If you’re experiencing difficulty swallowing, mealtime or even taking a drink of water can be an unpleasant experience. You may even be avoiding your medications because they’re difficult to swallow.
“Problems with swallowing should not be underestimated,” said Courtney Brimm, MS, CCC-SLP, Speech-Language Pathologist, Yavapai Regional Medical Center (YRMC). “It’s important to understand the underlying cause of your swallowing issue so it can be treated.”
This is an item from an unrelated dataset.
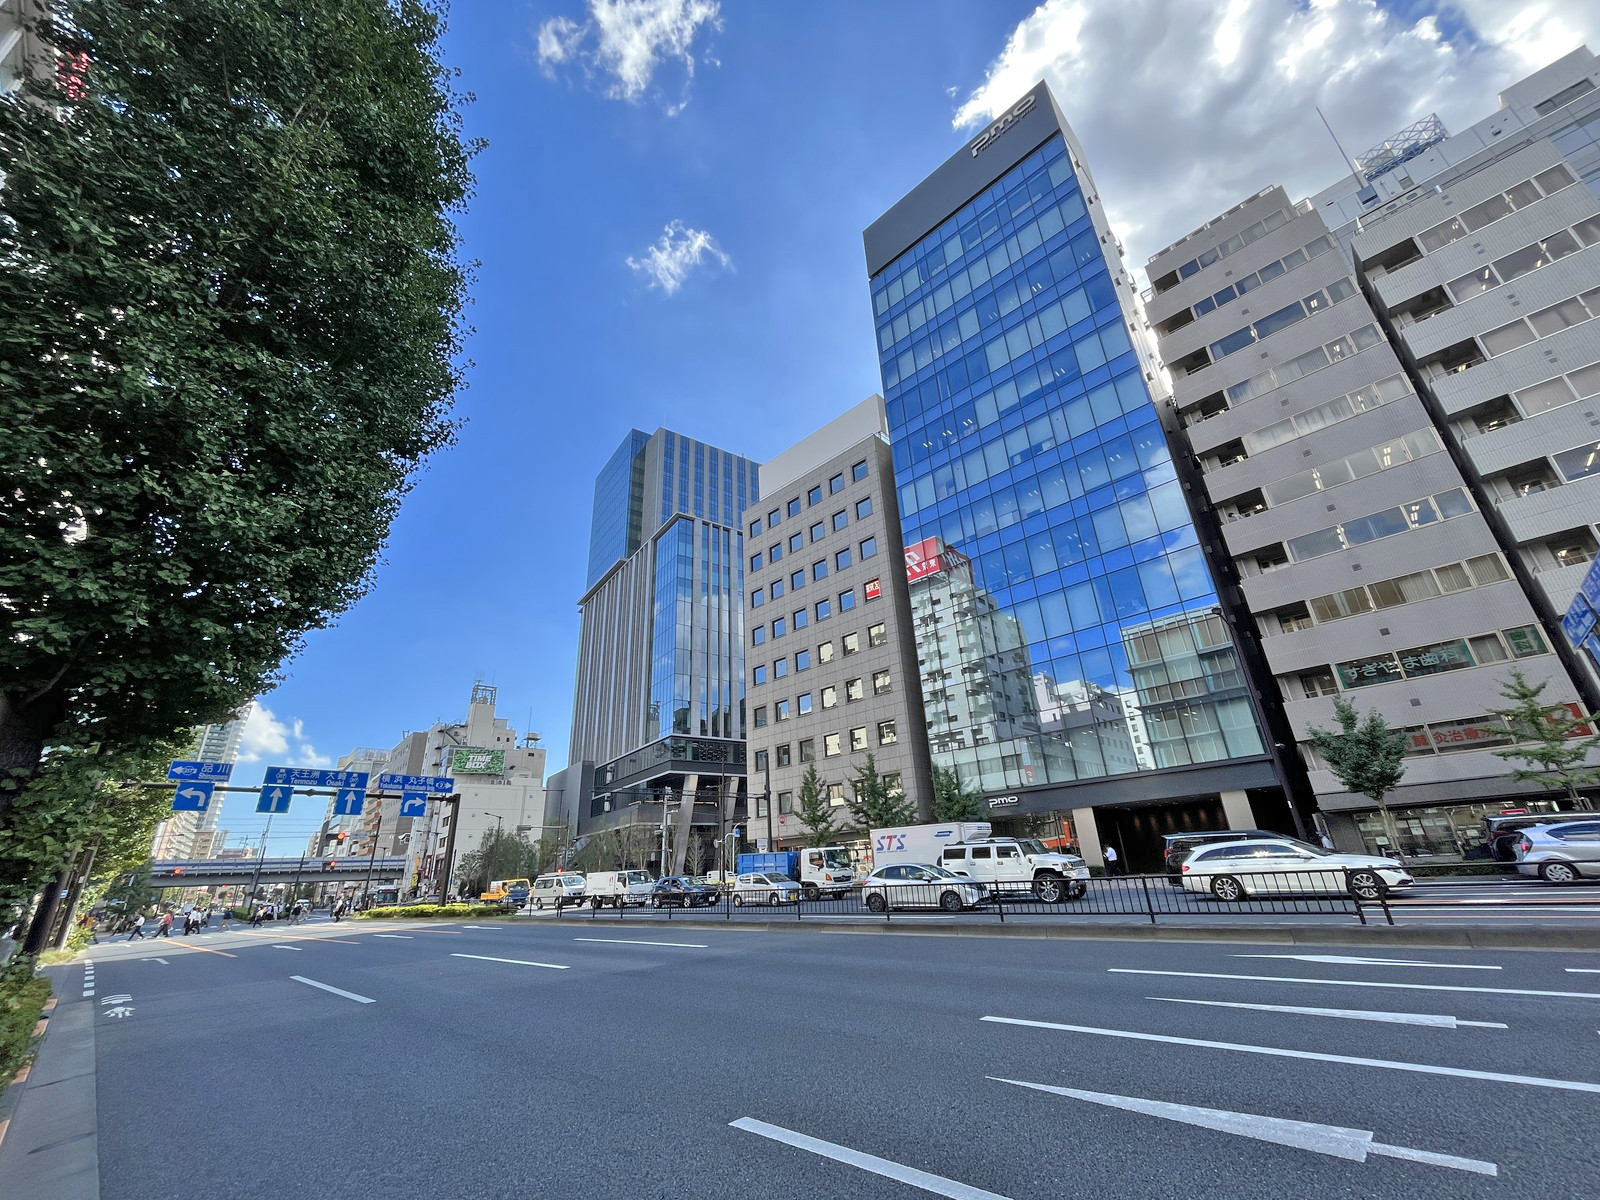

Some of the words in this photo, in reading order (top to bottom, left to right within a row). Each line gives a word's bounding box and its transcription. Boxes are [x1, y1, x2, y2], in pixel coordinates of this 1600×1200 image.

[1344, 649, 1460, 680] すぎやま歯科
[201, 763, 230, 774] 品川
[290, 769, 320, 779] 天王洲
[876, 834, 907, 851] STS
There are two types of swallowing disorders that affect an estimated 20 percent of older adults. They are:
- Dysphagia – This is a serious condition that’s a common consequence of many medical conditions, including stroke and chronic diseases that affect the nervous system. It also may be brought on by head or neck surgery. Untreated, dysphagia may lead to malnutrition, dehydration or aspiration pneumonia.
- Presbyphagia – This is caused by natural changes to the anatomy and physiology, which happens as people age.
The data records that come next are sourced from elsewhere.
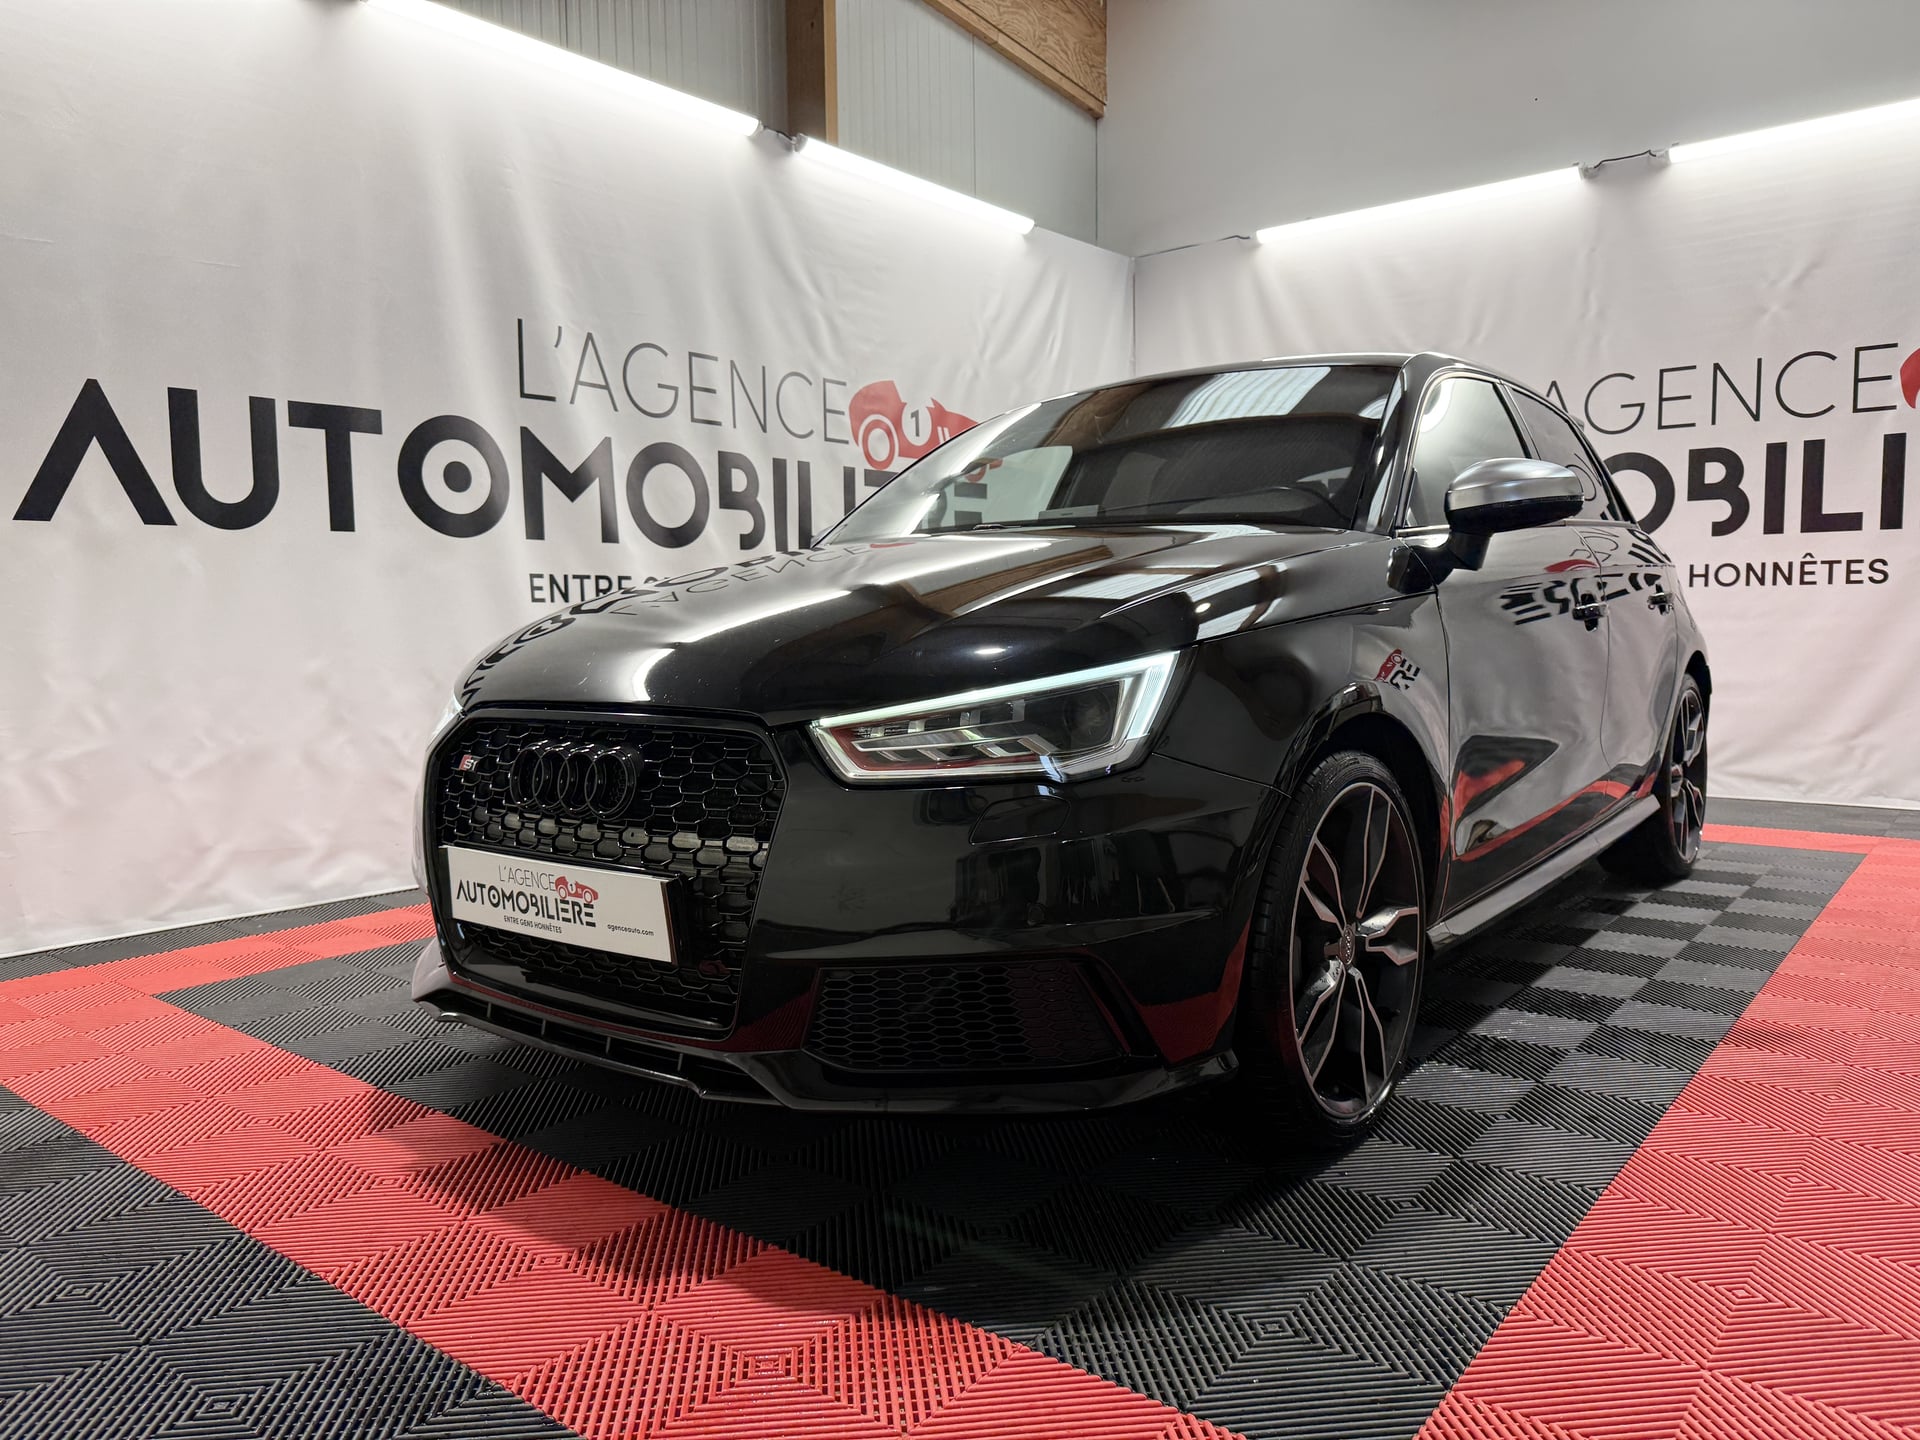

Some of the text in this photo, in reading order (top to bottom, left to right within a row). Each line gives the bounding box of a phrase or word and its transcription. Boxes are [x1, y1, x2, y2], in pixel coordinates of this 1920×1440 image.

[516, 318, 850, 445] L'AGENCE
[1688, 553, 1890, 588] HONNÊTES
[498, 864, 557, 892] L'AGENCE
[456, 879, 597, 928] AUTOMOBILIERE
[503, 915, 519, 925] ENTRE
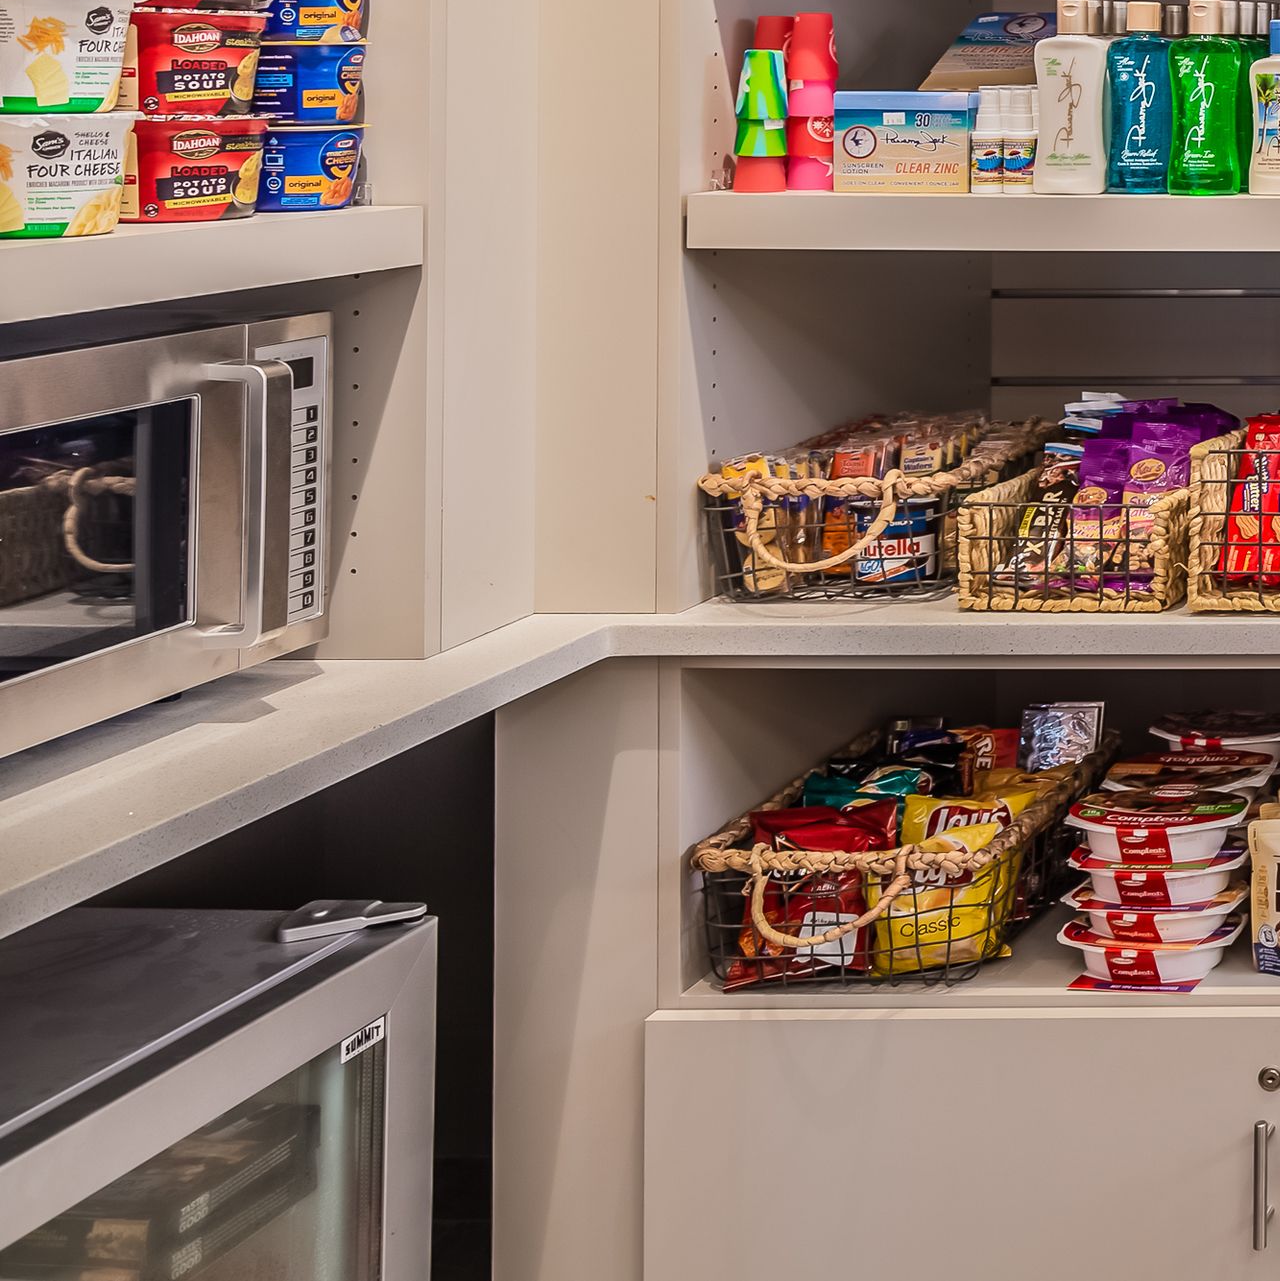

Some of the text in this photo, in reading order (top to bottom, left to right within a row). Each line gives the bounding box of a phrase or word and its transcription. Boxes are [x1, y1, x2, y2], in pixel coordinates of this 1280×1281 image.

[304, 10, 336, 21] original
[174, 32, 220, 45] IDAHOAN
[173, 60, 227, 71] LOADED
[174, 73, 226, 81] POTATO
[174, 80, 226, 91] SOUP
[915, 113, 930, 128] 30
[70, 149, 118, 161] ITALIAN
[27, 162, 121, 178] FOUR CHEESE
[896, 162, 960, 174] CLEAR ZINC
[288, 179, 322, 189] original
[904, 462, 932, 470] Wafers
[1106, 814, 1194, 823] Compleats
[1123, 847, 1166, 855] Compleats
[900, 915, 961, 938] Classic
[344, 1024, 382, 1056] SUMMIT
“Presbyphagia can contribute to loss of functional reserve, which is the body’s ability to continue functioning when we’re ill or stressed in some way,” said Brimm, a member of YRMC’s Physical Rehabilitation Services team. “Presbyphagia can also negatively impact your quality of life and independence.”
What are the signs you may have a swallowing disorder? Discomfort while eating and drinking is a red flag. This can lead to unintentional weight loss as some people will avoid eating because they’re so uncomfortable.
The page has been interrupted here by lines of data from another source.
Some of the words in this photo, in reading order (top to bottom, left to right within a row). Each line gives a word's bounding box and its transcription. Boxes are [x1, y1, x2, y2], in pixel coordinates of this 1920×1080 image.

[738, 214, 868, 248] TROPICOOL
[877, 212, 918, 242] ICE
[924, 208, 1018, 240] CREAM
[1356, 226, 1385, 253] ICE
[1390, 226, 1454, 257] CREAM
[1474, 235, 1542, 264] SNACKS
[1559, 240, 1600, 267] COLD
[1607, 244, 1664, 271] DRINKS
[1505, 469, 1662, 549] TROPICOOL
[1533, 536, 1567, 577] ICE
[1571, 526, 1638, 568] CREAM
“Many people may feel as though they are unable to make the swallow happen,” explained Brimm. “They have a sense of food, liquid, or pills sticking in their throat.”
During Swallowing Issues and Aging: What You Should Consider, Brimm highlights:
- How swallowing changes with age.
- Warning signs that you may have a swallowing disorder.
- Swallowing safety.
- What to do if you suspect you have a swallowing disorder.